Repeat the data as given. Images do not go in the copy.
[Opening Data for the task section]
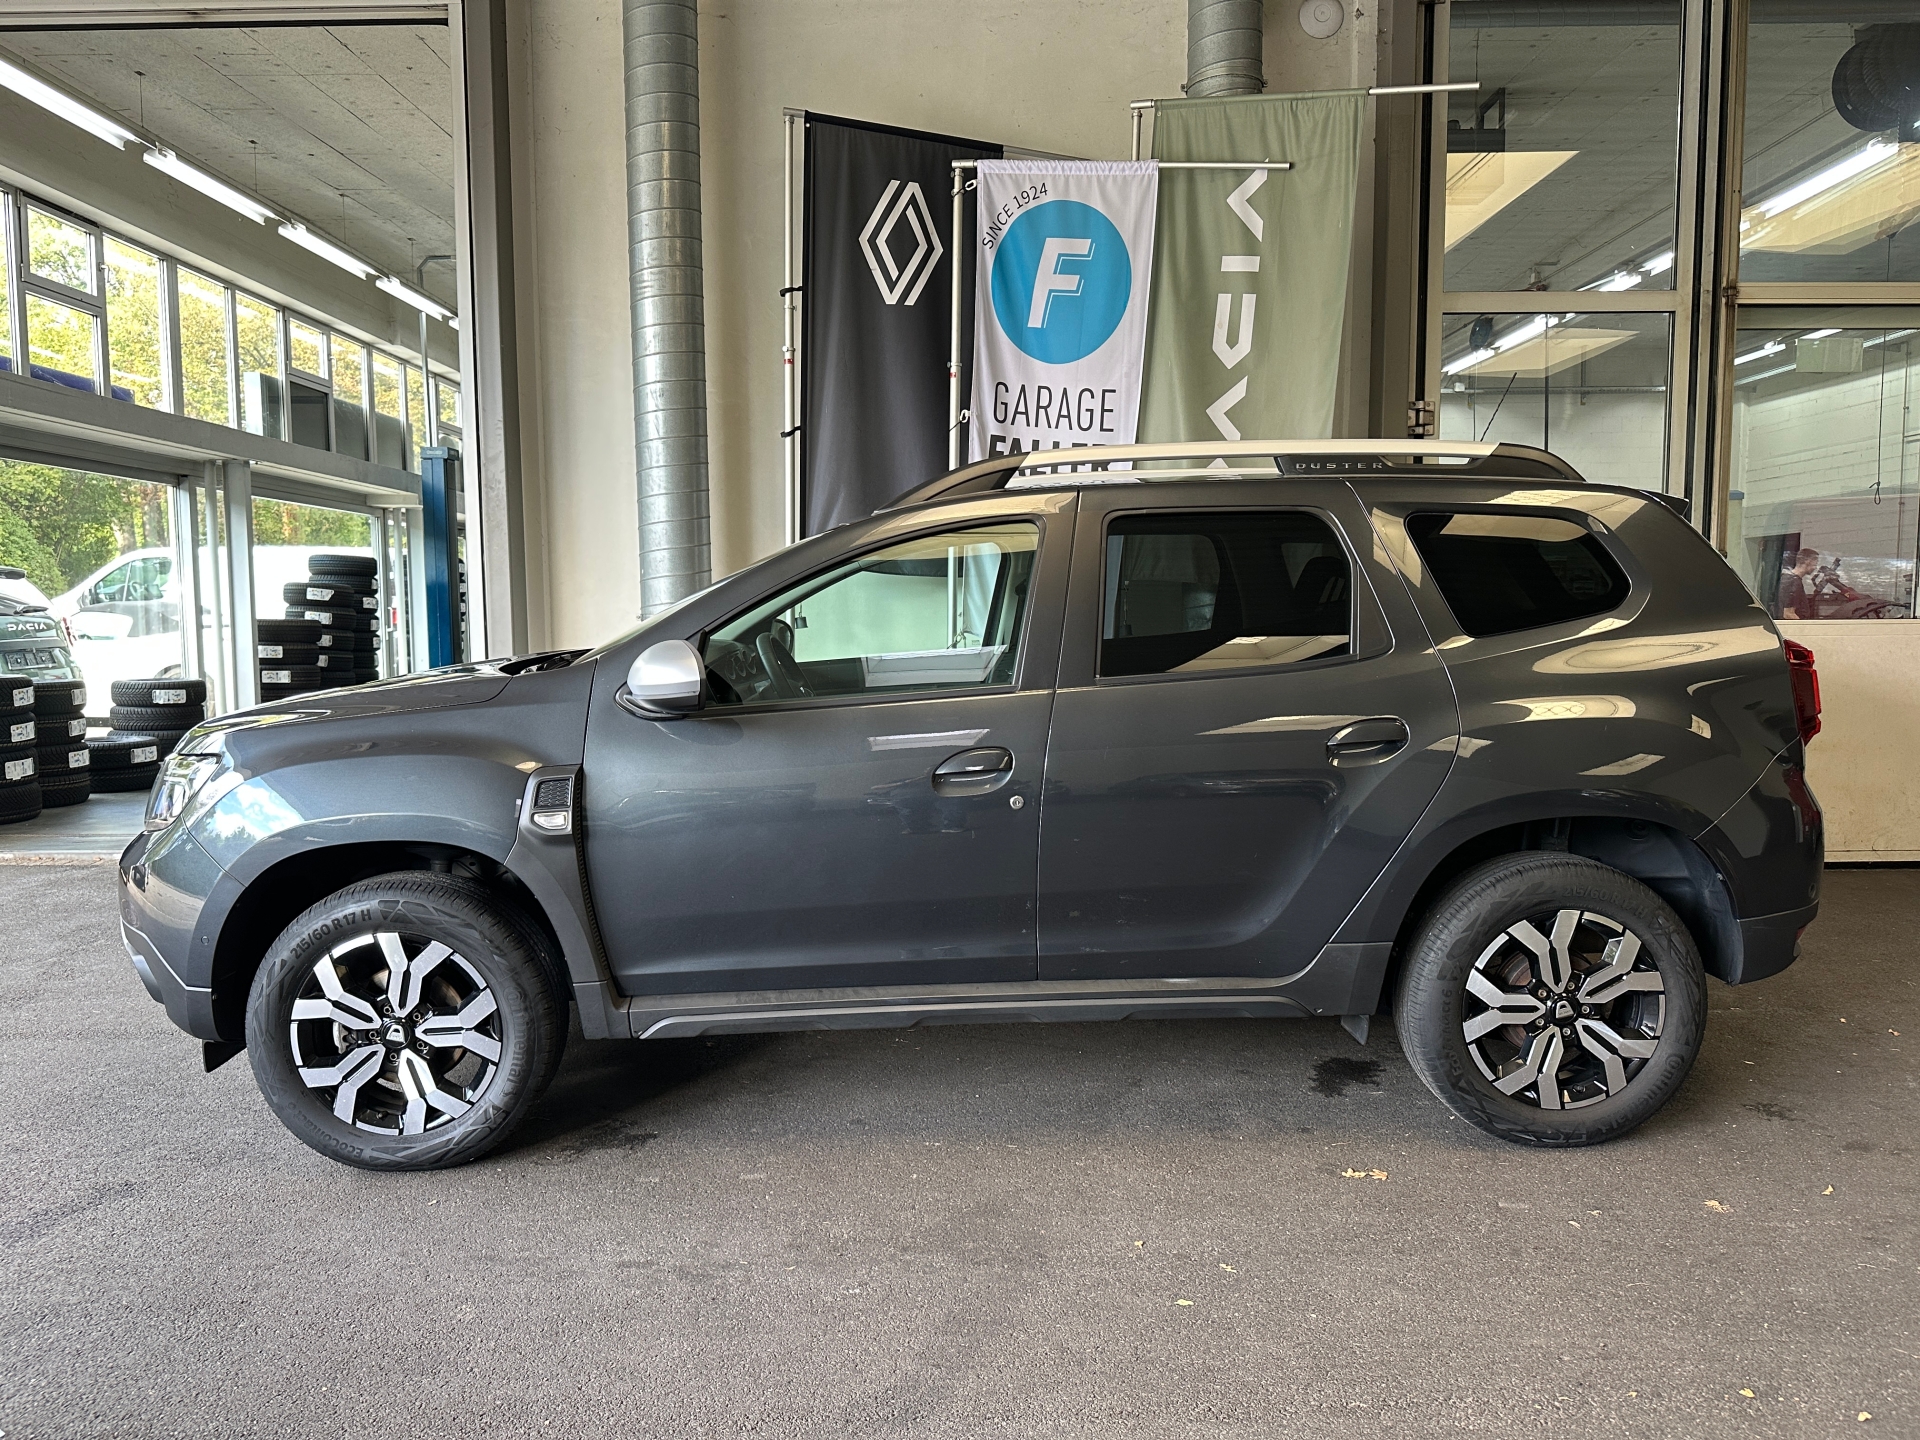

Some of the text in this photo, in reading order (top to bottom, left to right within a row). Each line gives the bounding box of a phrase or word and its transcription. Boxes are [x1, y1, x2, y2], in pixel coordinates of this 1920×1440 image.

[982, 182, 1048, 249] SINCE 1924
[1206, 158, 1269, 469] ACIA
[993, 382, 1117, 432] GARAGE
[6, 622, 47, 632] DACIA
[290, 923, 331, 959] 215/60
[361, 908, 372, 922] H
[503, 986, 528, 1085] Continental
[Closing Data for the task section]
* Written response *
Some of the text in this photo, in reading order (top to bottom, left to right within a row). Each line gives the bounding box of a phrase or word and its transcription. Boxes are [x1, y1, x2, y2], in pixel coordinates of this 1920×1440 image.

[982, 182, 1048, 249] SINCE 1924
[1206, 158, 1269, 469] ACIA
[993, 382, 1117, 432] GARAGE
[6, 622, 47, 632] DACIA
[290, 923, 331, 959] 215/60
[361, 908, 372, 922] H
[503, 986, 528, 1085] Continental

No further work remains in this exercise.